The paper introduces the combination of the DPO technique and active learning to simplify and stabilize the complex and data-hungry steps of fine-tuning of autoregressive LLMs. This eliminates the need for a separate reward model as in the case of RLHF/RLAIF base techniques.
The authors propose a hybrid acquisition function combining predictive entropy and preference certainty. The filtering step using entropy reduces the number of requests to the oracle and the preference certainty captures the oracle preference much better.

What do you think are the downsides of the work?

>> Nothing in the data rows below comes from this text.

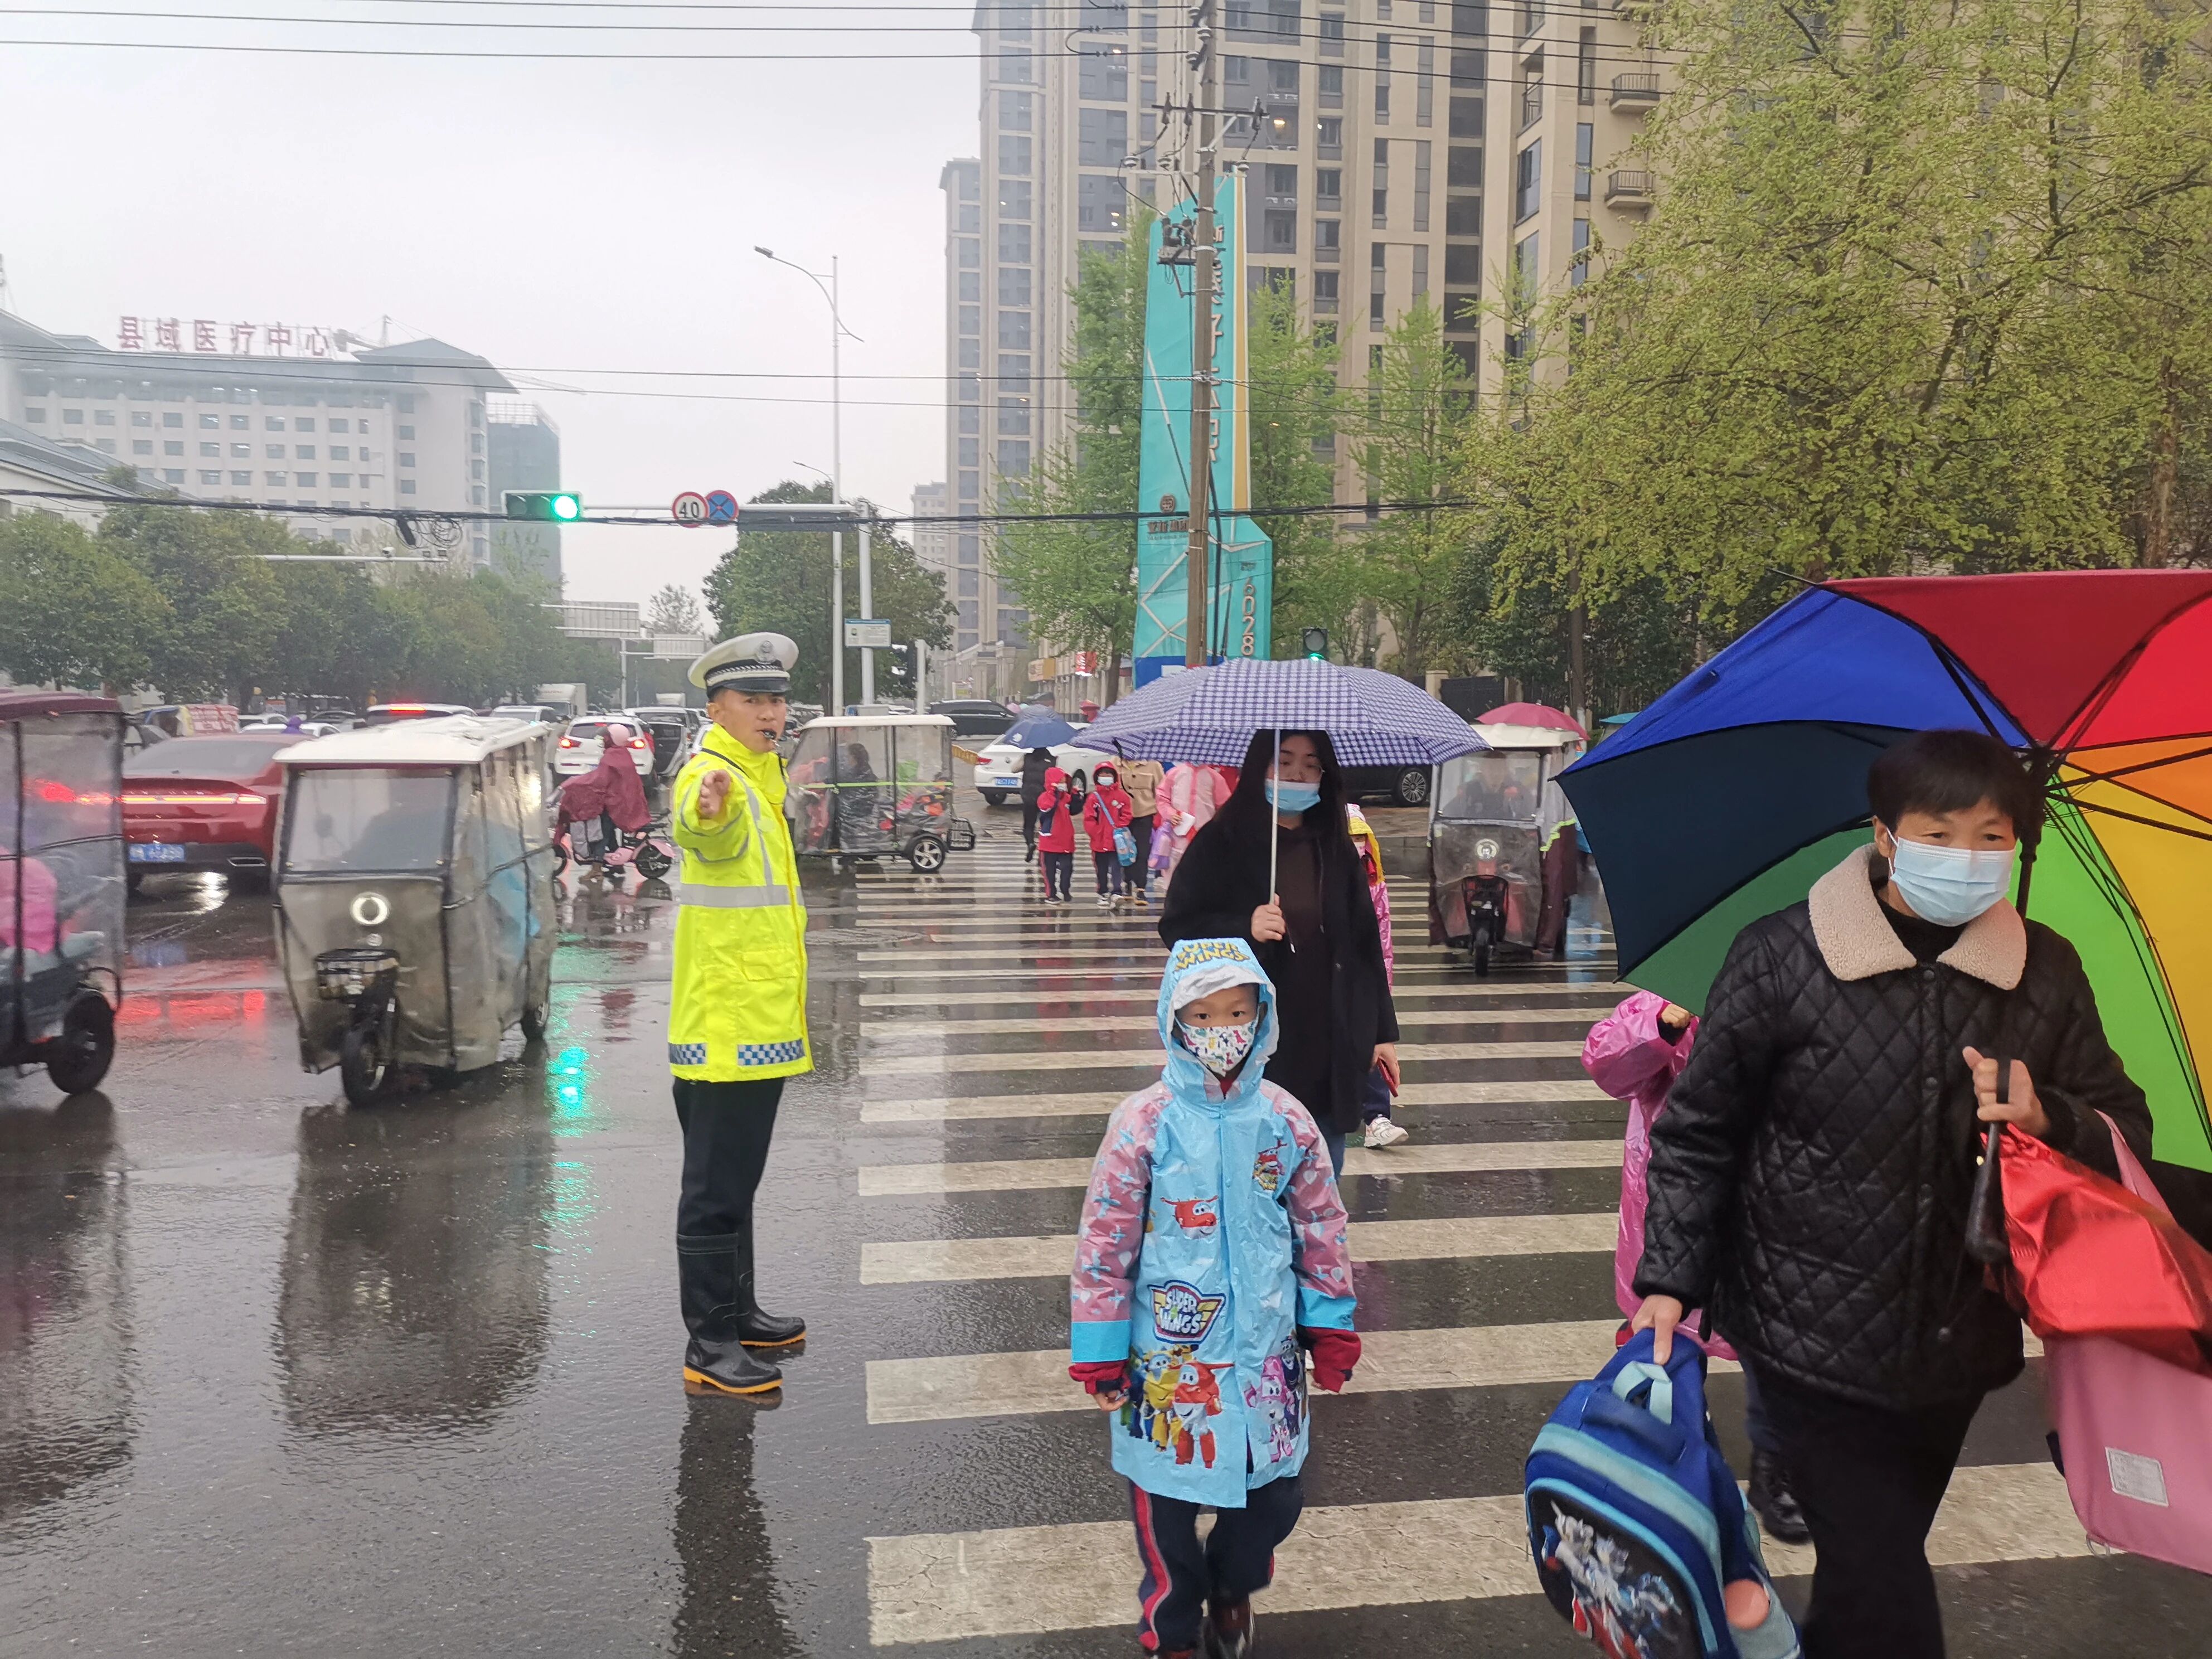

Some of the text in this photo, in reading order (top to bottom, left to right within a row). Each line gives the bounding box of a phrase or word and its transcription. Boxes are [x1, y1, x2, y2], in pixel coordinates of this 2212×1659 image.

[117, 316, 330, 357] 县域医疗中心
[678, 501, 699, 518] 40
[1241, 576, 1255, 656] 6028
[1166, 1288, 1197, 1314] SUPER
[1159, 1307, 1202, 1334] WINGS

Although the paper highlights the pressing challenge of fine-tuning LLMs with less data and proposes an AL method leveraging DPO to tackle this challenge, there are a few drawbacks of the proposed method as follows.

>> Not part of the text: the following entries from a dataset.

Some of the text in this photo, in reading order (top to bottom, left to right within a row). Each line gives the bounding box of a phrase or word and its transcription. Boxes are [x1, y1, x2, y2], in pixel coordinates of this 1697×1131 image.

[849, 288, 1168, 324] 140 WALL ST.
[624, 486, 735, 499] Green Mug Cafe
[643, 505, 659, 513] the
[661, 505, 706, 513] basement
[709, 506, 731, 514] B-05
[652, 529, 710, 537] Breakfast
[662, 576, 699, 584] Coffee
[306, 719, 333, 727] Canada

Dataset - The paper only focuses on text generation tasks on generic text datasets. The first dataset is a text completion task for movie reviews and the second is a summarization of Reddit posts. Further analysis is required to show that the method works for domain-specific datasets and tasks.
Model - The paper only runs experiments on GPT-2 and Pythia (GPT-3-like) models. These are mainly decoder-based models. For the sake of completeness, it would be interesting to experiment with encoder-decoder models too.
Closed model as oracle - Since the paper mainly uses GPT-4 as the oracle for generating answers, the effects of the oracle cannot be studied very well. Also, closed models come at a much higher cost which might be economical for running multiple iterations of active learning. Also, the paper compares the choice of oracle by measuring the average self-consistency of only GPT-3.5 and GPT-4. However, a comparison including open models would have been better.
Prompts - The authors only provide two prompts for the two datasets and thus the effect of prompt engineering is not well-studied.
Comparative Analysis - The paper mainly compares the proposed acquisition functions predictive entropy, preference certainty and hybrid (PE + PC) with the baseline of random sampling. No comparison with other widely used sampling strategies is shown. The paper points out that the Reward rAnked Fine-Tuning (RaFT) \cite{dong2023raft} technique consults the oracle on every data point before filtering. However, no comparative study has been done with previous AL methods for fine-tuning LLMs.

Despite some drawbacks, the paper proposes a novel method of leveraging Direct-Preference Optimization (DPO) for active learning of the fine-tuning of LLMs.

References

[1] William Muldrew, Peter Hayes, Mingtian Zhang, and David Barber. Active preference learning for large language models. In Forty-first International Conference on Machine Learning, 2024.

[2] Hanze Dong, Wei Xiong, Deepanshu Goyal, Yihan Zhang, Winnie Chow, Rui Pan, Shizhe Diao, Jipeng Zhang, Kashun Shum, and Tong Zhang. Raft: Reward ranked finetuning for generative foundation model alignment. arXiv preprint arXiv:2304.06767, 2023.